Pero el gesto del capitán había puesto al descubierto el misterioso amuleto que llevaba en el cuello.

—¿Qué es esto? —dijo Phoebus, aprovechando este pretexto para acercarse de nuevo a la bella criatura a la que acababa de asustar.

—¡No lo toquéis! —respondió ella con viveza—, es mi guardián. Él me permitirá encontrar a mi familia, si sigo siendo digna de ello. ¡Oh! ¡Dejadme, capitán! ¡Madre! ¡Pobre madre mía! ¡Madre!, ¿dónde estás? ¡Ayúdame! ¡Por favor, señor Phoebus, devolvedme la gola!

Phoebus retrocedió y dijo en un tono frío:

—¡Ah, señorita! ¡Cómo se nota que no me queréis!

—¡Que no te quiero! —exclamó la pobre y desventurada criatura, al tiempo que se abrazaba al capitán y le hacía sentarse a su lado—. ¡Que no te quiero, Phoebus! ¿Dices eso, malvado, para desgarrarme el corazón? ¡Vamos! ¡Tómame! ¡Toma todo! Haz lo que quieras de mí. Soy tuya. ¡Qué me importa el amuleto! ¡Qué me importa mi madre! ¡Eres tú mi madre, puesto que te quiero! Phoebus, mi bienamado Phoebus, ¿me ves? Soy yo, mírame. Soy esa muchacha a la que no quieres rechazar, que viene ella misma a buscarte. Mi alma, mi vida, mi cuerpo, mi persona, todo eso es una sola cosa que es vuestra, capitán. No nos casemos, no, si eso te molesta. Además, ¿quién soy yo? Una miserable muchacha del arroyo, mientras que tú, Phoebus, tú eres un hidalgo. ¡Valiente ocurrencia! ¡Una bailarina casarse con un oficial! ¡Estaba loca! No, Phoebus, no, seré tu amante, tu diversión, tu placer, cuando quieras, una muchacha que será tuya, estoy hecha para eso.
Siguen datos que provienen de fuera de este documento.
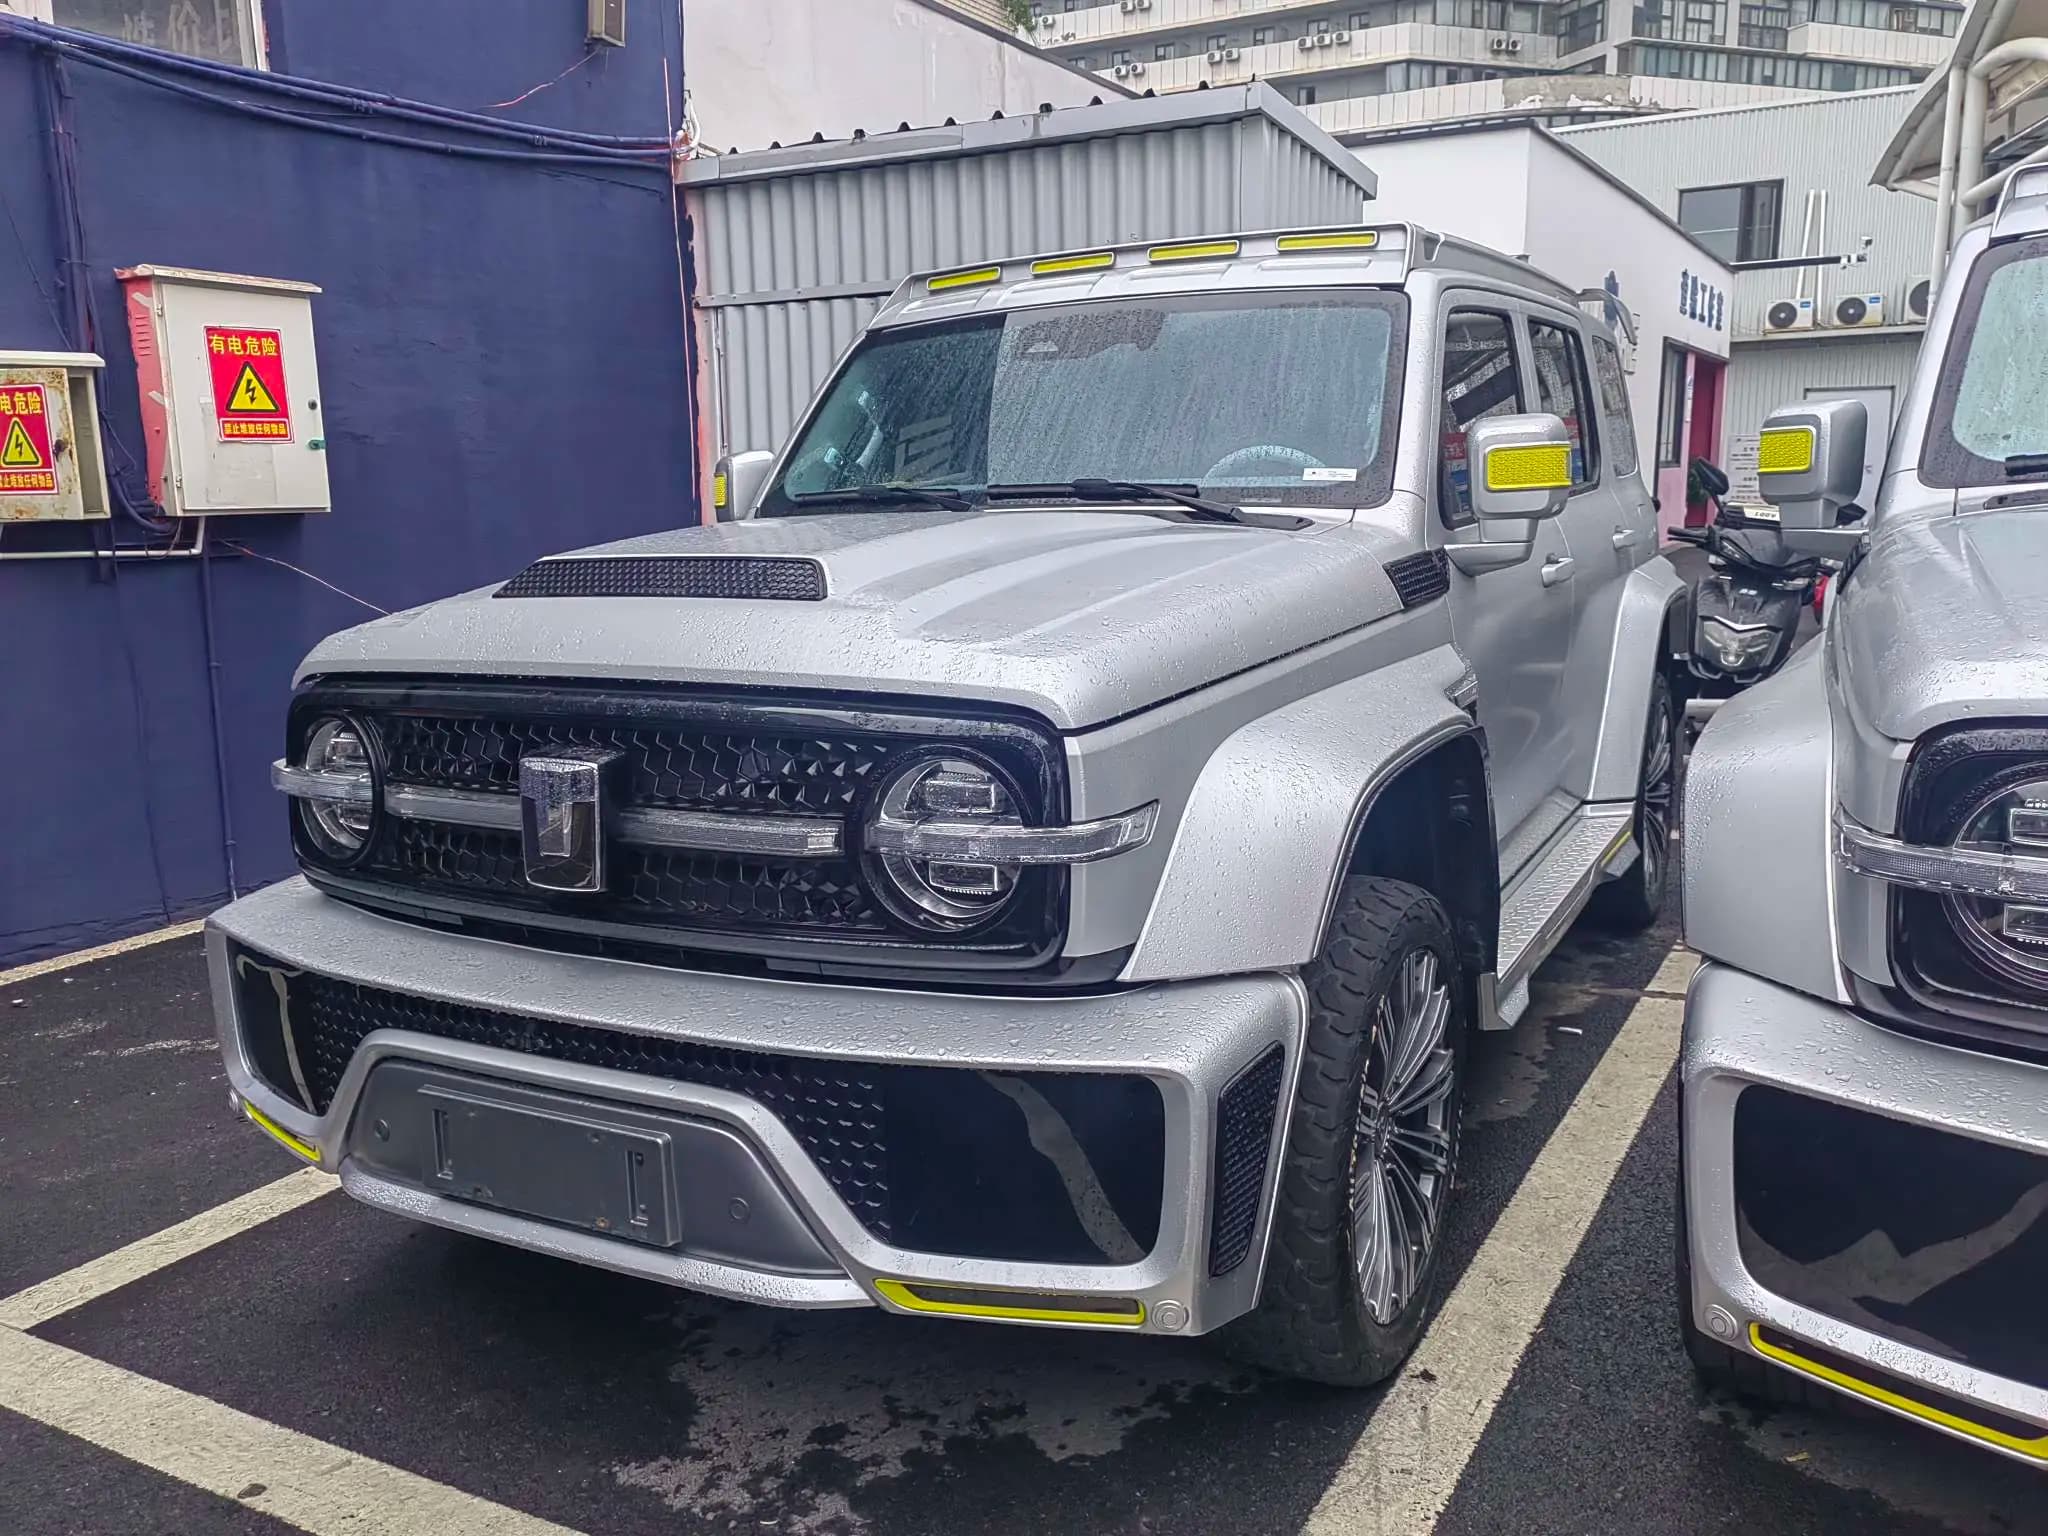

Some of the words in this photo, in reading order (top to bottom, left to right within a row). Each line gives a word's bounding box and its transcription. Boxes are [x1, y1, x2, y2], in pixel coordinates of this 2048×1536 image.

[208, 334, 278, 356] 有电危险
[223, 423, 288, 435] 禁止堆放任何物品
Mancillada, despreciada, deshonrada, ¡qué importa eso!, pero amada. Seré la más orgullosa y alegre de las mujeres. Y cuando sea vieja y fea, Phoebus, cuando ya no sirva para amaros, señor, seguiréis teniéndome para serviros. Otras os bordarán pañuelos. Yo, la criada, me ocuparé de su cuidado. Me dejaréis bruñir vuestras espuelas, cepillar vuestra casaca, limpiar vuestras botas de montar. ¿Verdad, Phoebus, que os compadeceréis de mí? Mientras tanto, ¡tómame! ¡Ten, Phoebus, todo esto te pertenece! ¡Simplemente, ámame! Nosotras, las egipcias, solo necesitamos eso: aire y amor.

Mientras hablaba en estos términos, se agarraba con sus hermosos brazos del cuello del oficial, lo miraba de abajo arriba suplicante y con una hermosa sonrisa en medio de las lágrimas, frotaba su delicado pecho contra el jubón de paño y los ásperos bordados. Doblaba sobre sus rodillas su bello cuerpo medio desnudo. El capitán, embriagado, pegó sus labios ardientes a aquellos hermosos hombros africanos. La muchacha, con la mirada perdida en el techo, echada hacia atrás, se estremecía palpitante bajo aquel beso.

De pronto, por encima de la cabeza de Phoebus, vio otra cabeza, un rostro lívido, verdoso, convulso, con una mirada de condenado. Junto a ese rostro había una mano que sostenía un puñal. Eran el rostro y la mano del sacerdote. Había roto la puerta y estaba allí. Phoebus no podía verlo. La muchacha permaneció inmóvil, helada, muda ante la horrenda aparición, como una paloma que levantara la cabeza en el momento en que un gavilán mira su nido con sus ojos redondos.

Ni siquiera pudo proferir un grito. Vio que el puñal descendía sobre Phoebus y se elevaba humeante.

—¡Maldición! —dijo el capitán, y se desplomó.

Ella perdió el sentido.

En el momento en que sus ojos se cerraban, en que todo sentimiento se dispersaba en ella, creyó notar en sus labios un contacto de fuego, un beso más abrasador que el hierro candente del verdugo.

Cuando volvió en sí, estaba rodeada de soldados de la guardia, se llevaban al capitán bañado en sangre, el sacerdote había desaparecido, la ventana del fondo de la habitación, que daba al río, estaba abierta de par en par, recogían una capa que suponían que pertenecía al oficial, y oía decir a su alrededor:

—Una bruja ha apuñalado a un capitán.